For years, the easiest dinner-table flex in India was a line that began with “You know what I bought that flat for?” and ended with a smug smile. Real estate wasn’t just an investment, it was a moral victory. Hold long enough and inflation would ensure you paid no to minimal tax. All thanks to indexation, a process that adjusts the cost of acquisition for inflation until the year of sale, effectively reducing your capital gains and the tax on them.

- VIJAYKUMAR PURI

That quiet comfort ended last year.

The new capital-gains regime has turned one of India’s oldest wealth lessons on its head. Starting 23 July 2024, property sellers face a fork in the road: either pay 12.5% tax without indexation, or stick with the old but higher rate of 20% with indexation for assets bought before 23 July 2024.

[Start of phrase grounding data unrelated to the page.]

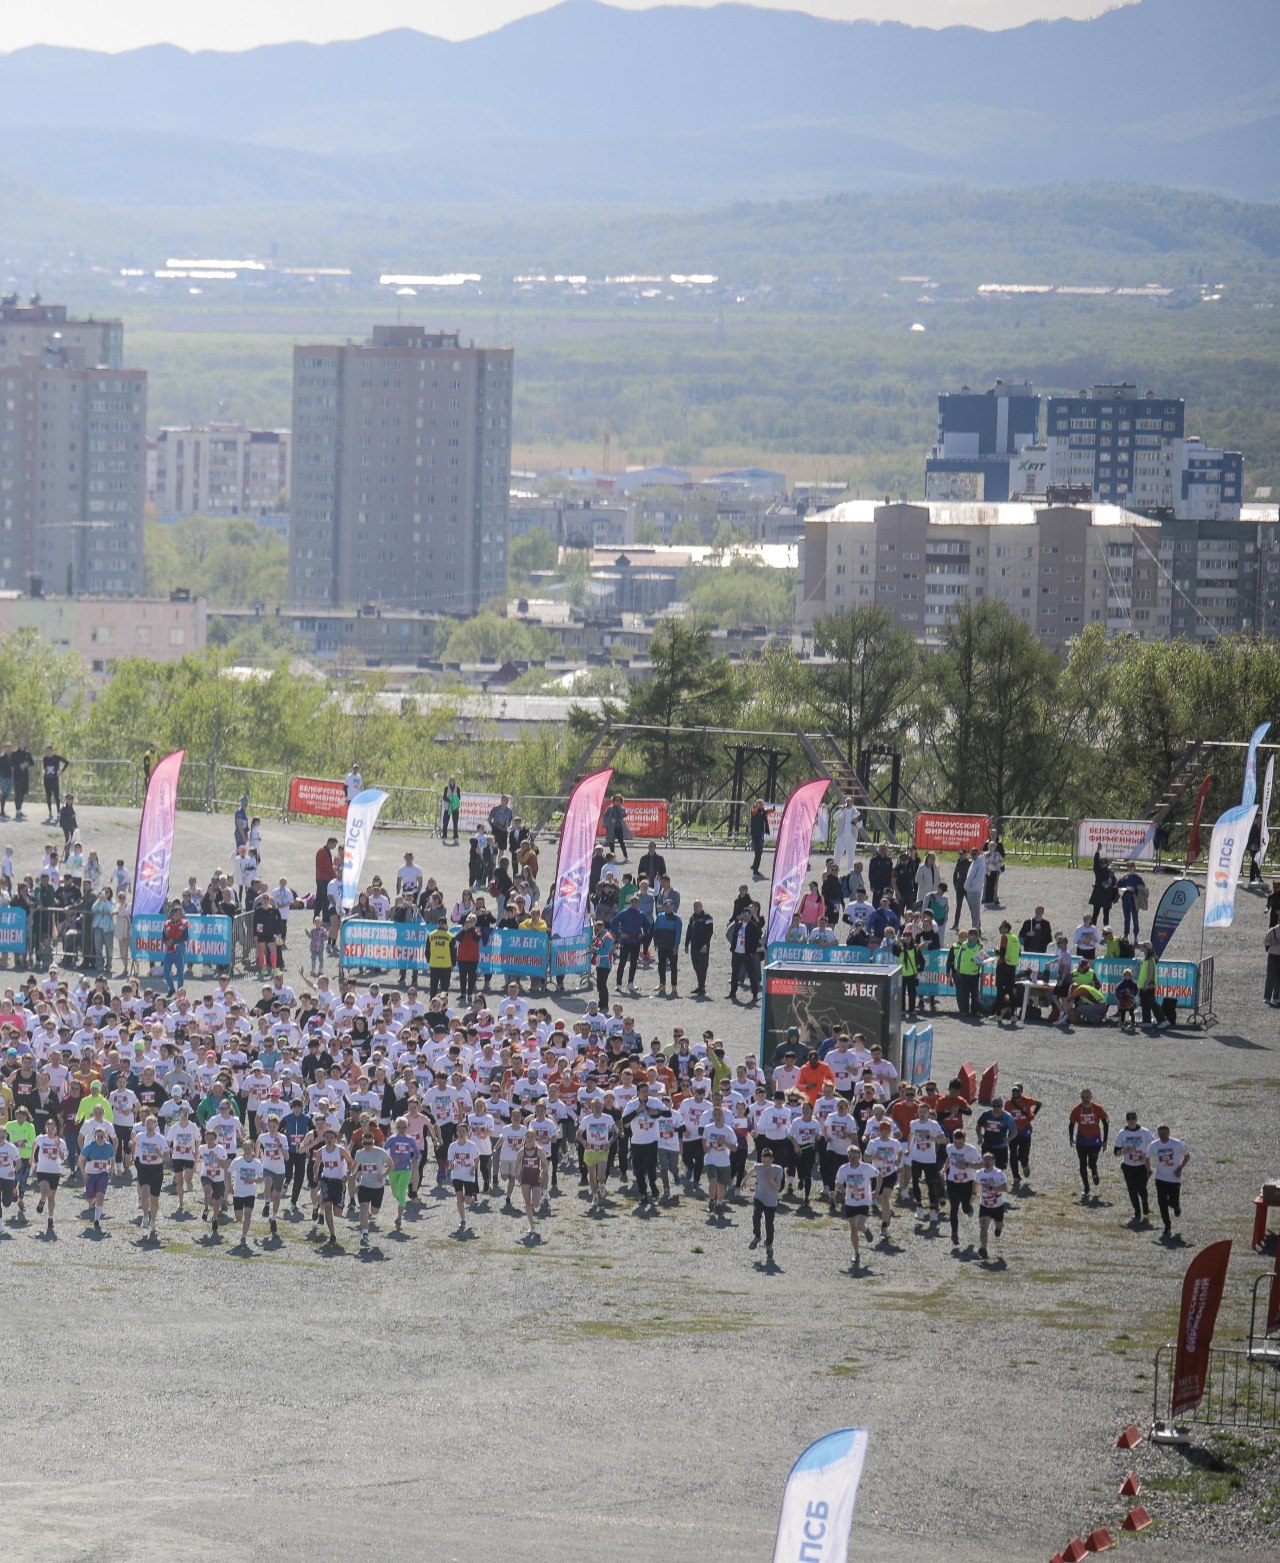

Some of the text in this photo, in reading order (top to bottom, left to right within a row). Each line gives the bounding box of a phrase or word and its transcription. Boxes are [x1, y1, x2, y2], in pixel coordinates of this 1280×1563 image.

[1018, 460, 1046, 471] XFIT
[299, 785, 344, 796] БЕЛОРУССКИ
[299, 793, 346, 803] ФИРМЕННЫ
[625, 807, 658, 815] РУССКИЙ
[925, 821, 980, 830] БЕЛОРУССКИЙ
[346, 819, 363, 848] ПСБ
[925, 828, 979, 838] ФИРМЕННЫЙ
[1089, 828, 1145, 836] БЕЛОРУССКИЙ
[1089, 835, 1145, 844] ФИРМЕННЫЙ
[1219, 838, 1234, 868] ПСБ
[347, 926, 397, 940] #ЗАБЕГ2025
[194, 941, 226, 956] РАМКИ
[344, 943, 366, 958] БЕГУ
[368, 944, 394, 960] ВСЕМ
[772, 947, 823, 961] #ЗАБЕГ2025
[799, 1500, 829, 1563] ПСБ

It sounds technical, but the message is simple: the government wants money to move, not sit parked in brick and mortar.

How indexation built an illusion of safety

Indexation was genius in its simplicity. It inflated your purchase cost to match inflation, making long-term property gains look smaller, which in turn made taxes feel lighter.

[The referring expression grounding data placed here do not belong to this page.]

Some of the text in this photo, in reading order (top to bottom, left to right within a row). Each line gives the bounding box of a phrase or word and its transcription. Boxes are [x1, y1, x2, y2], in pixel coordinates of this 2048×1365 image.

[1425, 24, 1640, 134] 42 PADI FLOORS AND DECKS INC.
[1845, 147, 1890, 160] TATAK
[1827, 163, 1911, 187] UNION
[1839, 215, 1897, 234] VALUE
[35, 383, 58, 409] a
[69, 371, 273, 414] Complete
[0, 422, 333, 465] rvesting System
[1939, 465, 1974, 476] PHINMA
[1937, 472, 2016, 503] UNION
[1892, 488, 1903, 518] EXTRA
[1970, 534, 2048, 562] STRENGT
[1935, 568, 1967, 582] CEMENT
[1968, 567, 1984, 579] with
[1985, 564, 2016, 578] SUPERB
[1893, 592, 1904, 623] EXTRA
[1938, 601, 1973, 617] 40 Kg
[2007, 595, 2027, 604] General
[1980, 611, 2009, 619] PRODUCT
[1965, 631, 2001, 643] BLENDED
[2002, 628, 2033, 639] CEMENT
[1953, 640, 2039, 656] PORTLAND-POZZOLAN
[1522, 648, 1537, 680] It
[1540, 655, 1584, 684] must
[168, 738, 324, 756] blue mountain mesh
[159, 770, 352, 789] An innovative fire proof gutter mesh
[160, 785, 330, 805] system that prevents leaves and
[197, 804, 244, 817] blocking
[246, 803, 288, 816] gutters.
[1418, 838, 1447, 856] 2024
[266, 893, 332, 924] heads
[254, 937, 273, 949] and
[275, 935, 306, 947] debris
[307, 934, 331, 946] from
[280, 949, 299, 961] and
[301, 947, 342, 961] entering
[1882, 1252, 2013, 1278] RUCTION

Buy in 2010 for ₹50 lakh, sell in 2025 for ₹1.5 crore, and your inflation-adjusted cost would swell to around ₹1 crore. You paid 20% on ₹50 lakh, not ₹1 crore. Effective tax rate? Barely 10%. Every real estate connoisseur in every city loved that story.

But over time, it created a peculiar behaviour where people stopped thinking of property as an asset and started treating it as an heirloom with tax benefits.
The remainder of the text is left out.